High concordance of genotypic coreceptor prediction in plasma-viral RNA and proviral DNA of HIV-1 subtype C: implications for use of whole blood DNA in resource-limited settings.

Research paper by Soham S Gupta, Ujjwal U Neogi, Hiresave H Srinivasa, Anita A Shet

Indexed on: 02 May '13Published on: 02 May '13Published in: The Journal of antimicrobial chemotherapy


Genotypic tropism testing (GTT) of HIV is increasingly used prior to the initiation of CCR5 antagonist therapy in HIV-infected individuals. Normally performed on plasma-derived virus, the test is challenging when performed in patients with suppressed viraemia. We aimed to evaluate the performance of cell-associated proviral DNA against plasma-derived viral RNA as the genetic material for GTT in an Indian clinical setting.From 52 HIV-1-infected individuals, the env V3 region was successfully amplified and sequenced from both proviral DNA and plasma RNA paired samples having a viral load >2500 copies/mL (n = 42) and from proviral DNA only in 10 antiretroviral therapy (ART)-experienced patients with a viral load <500 copies/mL. GTT was performed using the Geno2Pheno algorithm with the interpretative false positive rate (FPR) cut-off of 10%.Among paired samples, 40 of 42 patients harboured subtype C strains.

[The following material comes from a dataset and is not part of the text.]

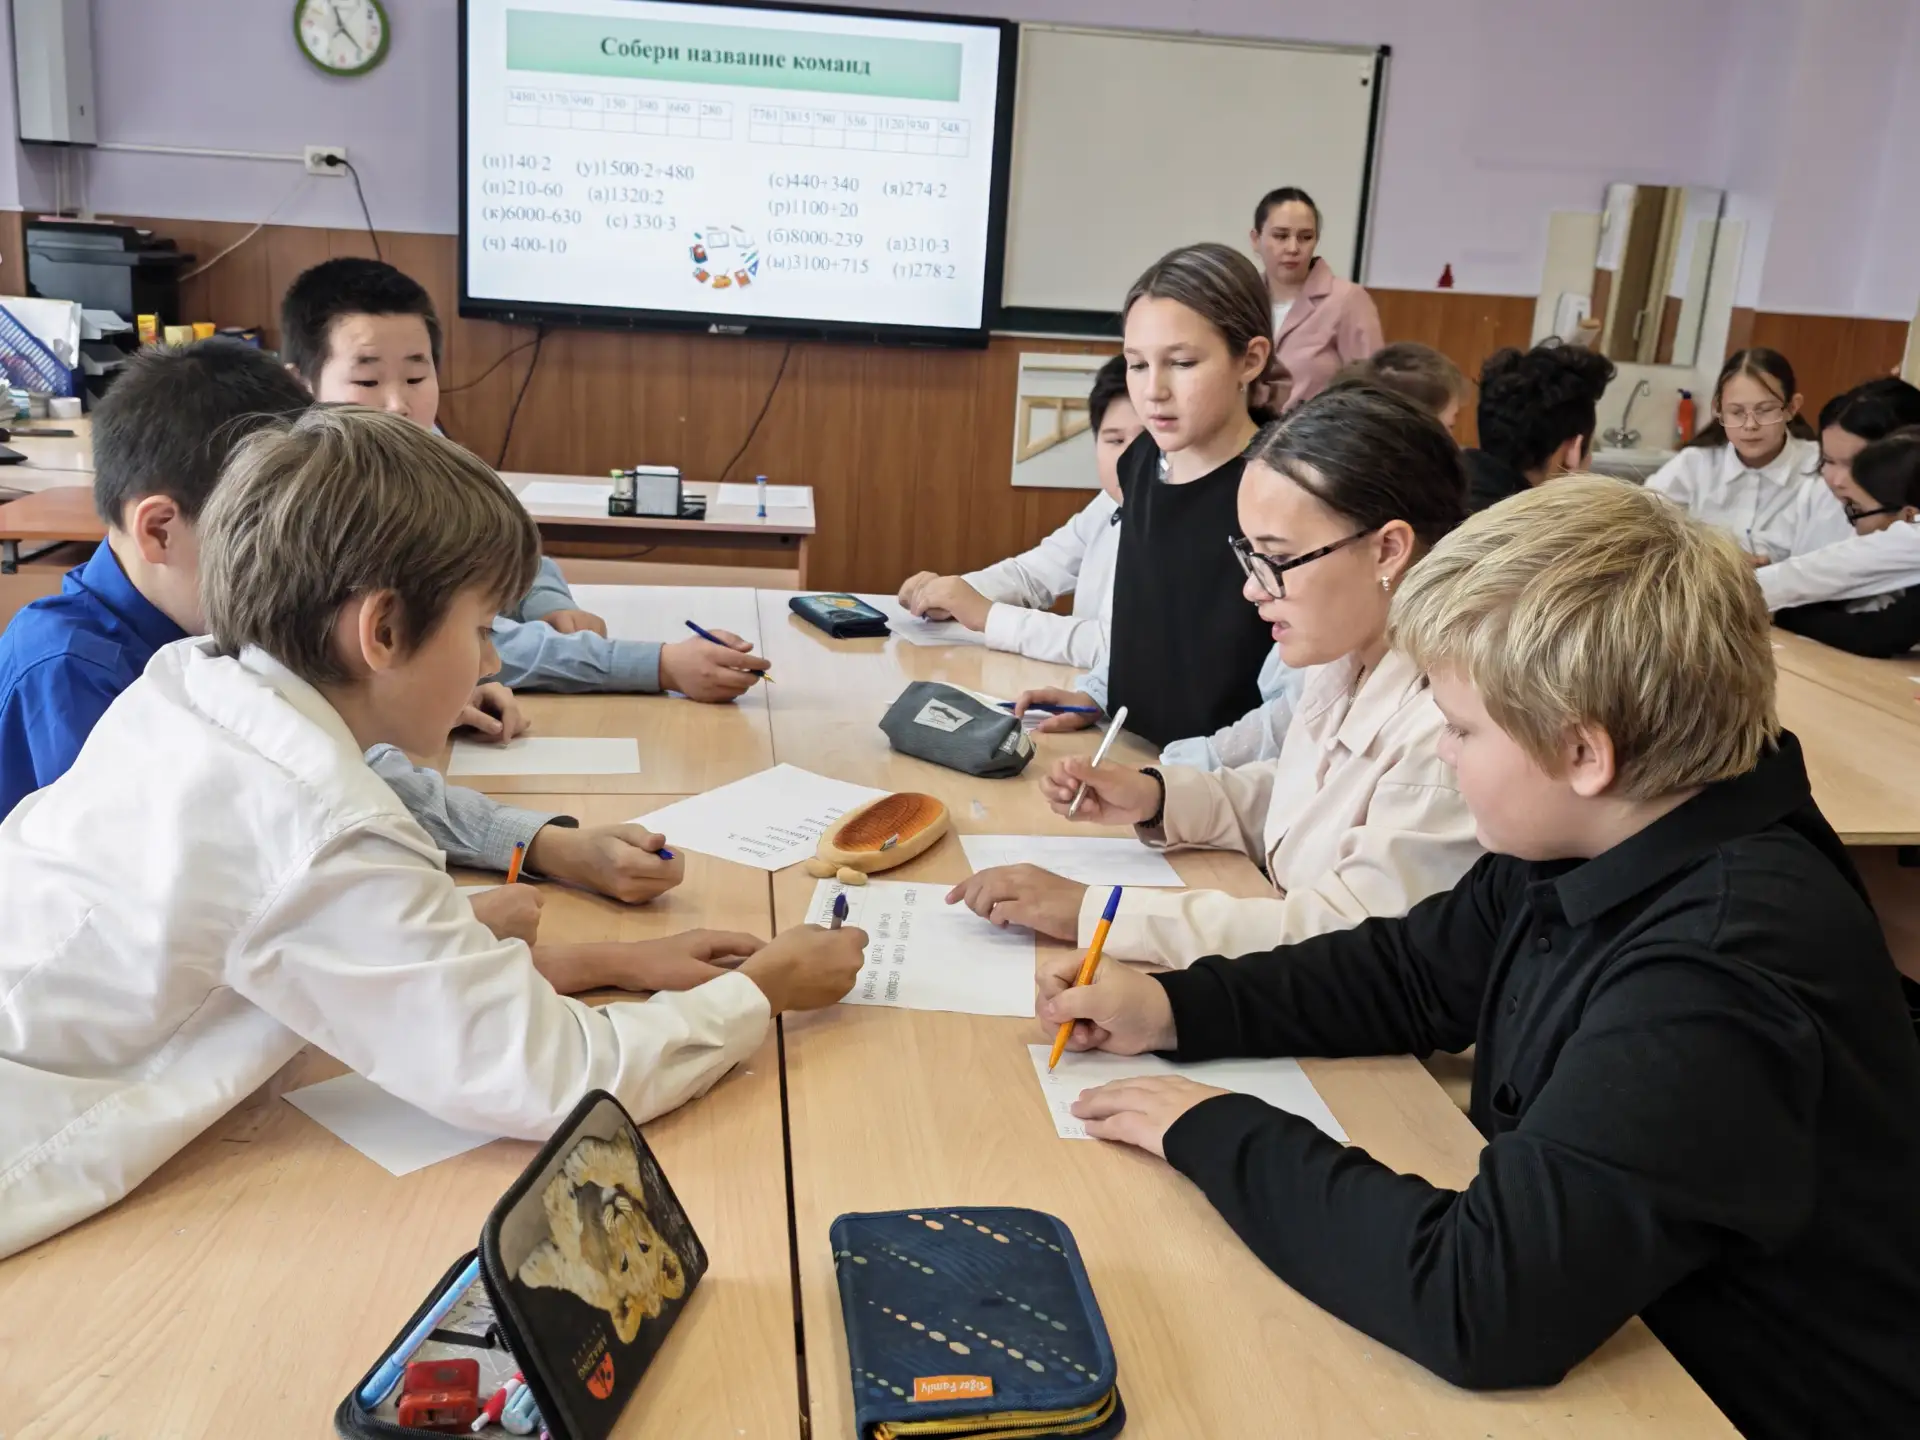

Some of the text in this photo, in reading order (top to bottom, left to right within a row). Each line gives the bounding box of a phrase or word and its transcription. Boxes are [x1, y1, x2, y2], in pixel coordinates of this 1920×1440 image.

[600, 36, 871, 76] Собери название команд
[920, 1381, 958, 1396] Family

Plasma RNA tropism prediction revealed X4 tropism in 4 of 42 (9.5%). A high concordance of 97.6% in tropism prediction was noted in simultaneous RNA/DNA samples (38 R5 and 3 X4). Discordance was observed in one sample showing R5 tropism in proviral DNA and X4 tropism in plasma RNA. Comparison of Geno2Pheno FPRs in both the plasma and proviral compartments showed good correlation (overall, r = 0.87; ART-naive patients, r = 0.79; ART-failing patients, r = 0.97). GTT was successfully performed in all 10 whole blood DNA samples having a viral load <500 copies/mL, all showing R5 tropism.High concordance in tropism prediction from proviral DNA and plasma-viral RNA suggests that prediction of viral tropism using proviral DNA is accurate and feasible in resource-limited clinical settings, particularly in patients with low or suppressed viraemia.